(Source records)
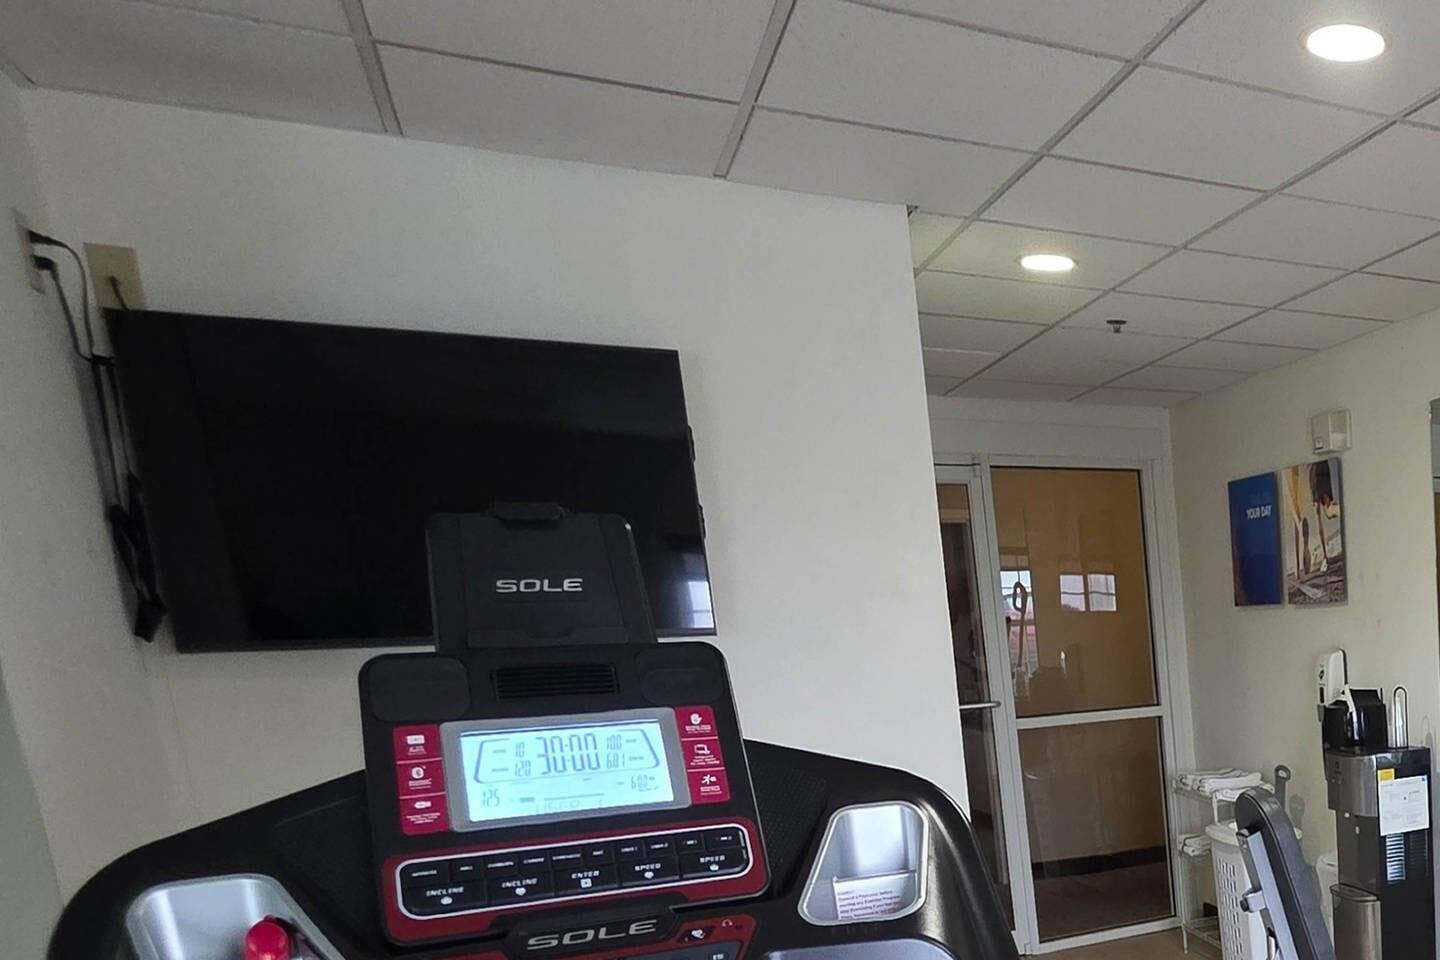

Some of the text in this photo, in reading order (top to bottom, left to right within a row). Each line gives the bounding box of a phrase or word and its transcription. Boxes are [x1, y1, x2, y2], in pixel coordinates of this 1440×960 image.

[495, 578, 584, 593] SOLE
[536, 733, 601, 775] 30:00
[501, 877, 538, 888] INCLINE
[426, 886, 465, 897] INCLINE
[527, 920, 657, 950] SOLE
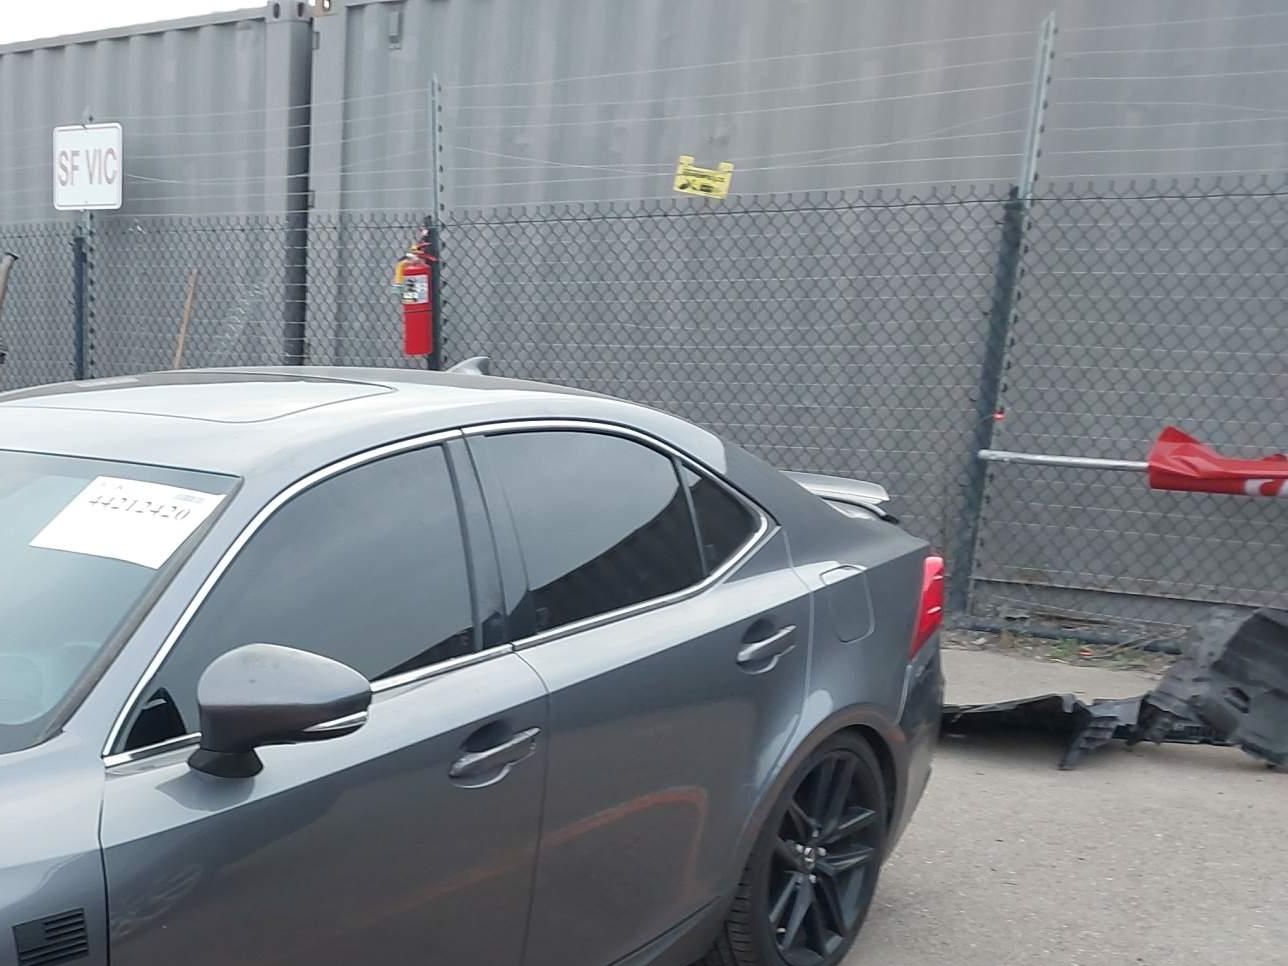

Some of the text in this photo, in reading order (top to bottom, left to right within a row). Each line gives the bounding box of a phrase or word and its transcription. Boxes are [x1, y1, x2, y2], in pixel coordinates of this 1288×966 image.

[57, 147, 117, 187] SF VIC
[89, 495, 191, 520] 44212420
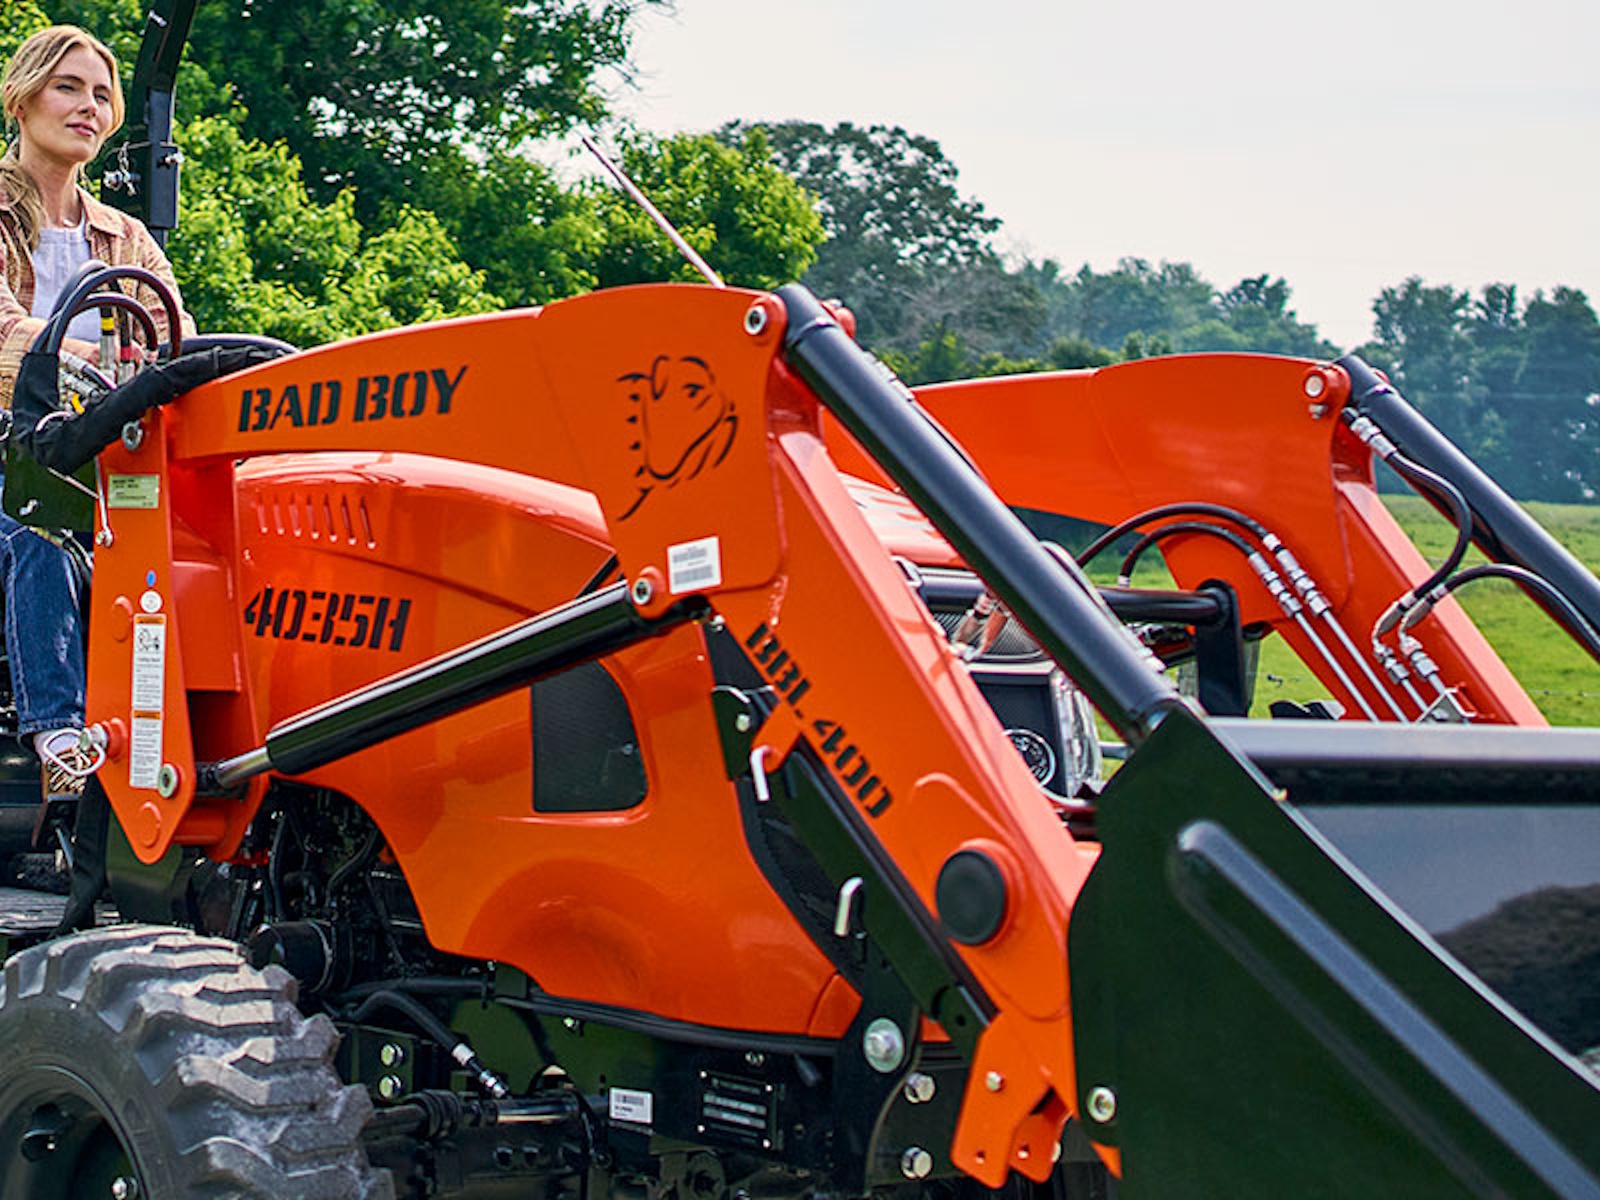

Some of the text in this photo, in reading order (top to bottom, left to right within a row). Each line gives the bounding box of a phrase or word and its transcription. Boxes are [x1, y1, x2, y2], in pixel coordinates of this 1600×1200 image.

# ACTIVITY
Transcribe each record exactly as it stands, setting aside any pictures.

# WRITTEN ANSWER
Some of the text in this photo, in reading order (top to bottom, left to right within a row). Each line gives the bounding box of a phrase or word and its transcription. Boxes are [x1, y1, x2, y2], in pixel coordinates of this 1440×960 image.

[495, 578, 584, 593] SOLE
[536, 733, 601, 775] 30:00
[501, 877, 538, 888] INCLINE
[426, 886, 465, 897] INCLINE
[527, 920, 657, 950] SOLE

Some of the text in this photo, in reading order (top to bottom, left to right within a row). Each line gives the bounding box of a phrase or word and its transcription. Boxes are [x1, y1, x2, y2], in pixel coordinates of this 1288×966 image.

[57, 147, 117, 187] SF VIC
[89, 495, 191, 520] 44212420

Some of the text in this photo, in reading order (top to bottom, left to right within a row). Each line gives the bounding box of a phrase or word and its transcription. Boxes are [x1, y1, x2, y2], in pixel coordinates of this 1600×1200 image.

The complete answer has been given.